*WHAT YOU SHOULD DO*:
Copy the lines below exactly, starting at the line that contains "this 1200×1800 image." and stopping after the last line, and include no other lines.

──────────────────────────────

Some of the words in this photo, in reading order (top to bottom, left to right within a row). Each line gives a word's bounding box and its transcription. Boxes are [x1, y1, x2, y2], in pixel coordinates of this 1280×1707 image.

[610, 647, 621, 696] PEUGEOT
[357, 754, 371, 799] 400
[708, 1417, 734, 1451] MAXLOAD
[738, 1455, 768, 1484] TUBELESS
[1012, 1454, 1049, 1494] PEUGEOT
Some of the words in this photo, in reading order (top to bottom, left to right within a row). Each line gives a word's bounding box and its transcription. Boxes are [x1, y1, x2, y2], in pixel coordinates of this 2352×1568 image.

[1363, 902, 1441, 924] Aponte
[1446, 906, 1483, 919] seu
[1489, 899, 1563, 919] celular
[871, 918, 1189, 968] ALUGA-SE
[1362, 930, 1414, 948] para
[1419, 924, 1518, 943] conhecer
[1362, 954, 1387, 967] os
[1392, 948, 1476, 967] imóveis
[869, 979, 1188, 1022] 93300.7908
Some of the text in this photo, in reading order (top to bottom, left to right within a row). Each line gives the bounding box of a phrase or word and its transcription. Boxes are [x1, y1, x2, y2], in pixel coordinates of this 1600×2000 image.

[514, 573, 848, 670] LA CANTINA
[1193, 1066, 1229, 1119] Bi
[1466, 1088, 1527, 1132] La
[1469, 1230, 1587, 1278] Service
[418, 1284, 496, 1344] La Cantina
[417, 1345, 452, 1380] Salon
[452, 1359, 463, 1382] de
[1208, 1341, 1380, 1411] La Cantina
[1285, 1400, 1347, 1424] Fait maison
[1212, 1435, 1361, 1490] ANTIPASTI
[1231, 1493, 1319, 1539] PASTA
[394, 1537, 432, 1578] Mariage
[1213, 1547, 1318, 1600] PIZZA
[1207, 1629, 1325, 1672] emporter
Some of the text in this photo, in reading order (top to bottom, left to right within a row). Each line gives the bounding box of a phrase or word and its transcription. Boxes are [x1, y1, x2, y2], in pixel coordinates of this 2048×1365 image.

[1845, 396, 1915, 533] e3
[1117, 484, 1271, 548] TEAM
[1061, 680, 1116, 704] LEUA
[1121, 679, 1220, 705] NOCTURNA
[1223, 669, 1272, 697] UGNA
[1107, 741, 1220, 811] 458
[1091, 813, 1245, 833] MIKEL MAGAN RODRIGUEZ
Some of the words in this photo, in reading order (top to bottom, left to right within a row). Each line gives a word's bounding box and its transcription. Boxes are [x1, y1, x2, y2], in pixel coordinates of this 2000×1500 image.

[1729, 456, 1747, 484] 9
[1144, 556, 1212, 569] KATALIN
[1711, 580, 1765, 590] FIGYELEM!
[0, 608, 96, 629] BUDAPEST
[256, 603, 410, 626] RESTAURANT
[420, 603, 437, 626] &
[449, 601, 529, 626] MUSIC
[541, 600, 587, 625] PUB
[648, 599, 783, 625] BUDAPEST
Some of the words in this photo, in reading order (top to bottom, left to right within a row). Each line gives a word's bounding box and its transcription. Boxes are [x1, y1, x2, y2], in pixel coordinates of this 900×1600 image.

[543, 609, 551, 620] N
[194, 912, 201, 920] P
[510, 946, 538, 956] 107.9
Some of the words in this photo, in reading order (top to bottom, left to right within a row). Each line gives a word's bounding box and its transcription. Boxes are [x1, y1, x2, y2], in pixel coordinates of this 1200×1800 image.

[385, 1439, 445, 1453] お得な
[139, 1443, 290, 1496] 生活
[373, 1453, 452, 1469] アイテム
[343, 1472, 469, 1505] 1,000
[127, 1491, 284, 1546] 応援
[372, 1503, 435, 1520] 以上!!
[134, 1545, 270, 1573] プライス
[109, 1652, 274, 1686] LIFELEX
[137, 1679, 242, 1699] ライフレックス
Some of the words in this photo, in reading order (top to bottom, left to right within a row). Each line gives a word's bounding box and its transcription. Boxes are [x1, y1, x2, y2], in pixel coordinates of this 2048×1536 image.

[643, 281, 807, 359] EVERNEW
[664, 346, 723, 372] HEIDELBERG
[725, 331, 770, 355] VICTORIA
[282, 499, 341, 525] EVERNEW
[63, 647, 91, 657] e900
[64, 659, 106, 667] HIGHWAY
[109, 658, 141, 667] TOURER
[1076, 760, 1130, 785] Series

──────────────────────────────

*SOLUTION FOR THIS PROBLEM*:
Some of the words in this photo, in reading order (top to bottom, left to right within a row). Each line gives a word's bounding box and its transcription. Boxes are [x1, y1, x2, y2], in pixel coordinates of this 1200×1800 image.

[385, 1439, 445, 1453] お得な
[139, 1443, 290, 1496] 生活
[373, 1453, 452, 1469] アイテム
[343, 1472, 469, 1505] 1,000
[127, 1491, 284, 1546] 応援
[372, 1503, 435, 1520] 以上!!
[134, 1545, 270, 1573] プライス
[109, 1652, 274, 1686] LIFELEX
[137, 1679, 242, 1699] ライフレックス
Some of the words in this photo, in reading order (top to bottom, left to right within a row). Each line gives a word's bounding box and its transcription. Boxes are [x1, y1, x2, y2], in pixel coordinates of this 2048×1536 image.

[643, 281, 807, 359] EVERNEW
[664, 346, 723, 372] HEIDELBERG
[725, 331, 770, 355] VICTORIA
[282, 499, 341, 525] EVERNEW
[63, 647, 91, 657] e900
[64, 659, 106, 667] HIGHWAY
[109, 658, 141, 667] TOURER
[1076, 760, 1130, 785] Series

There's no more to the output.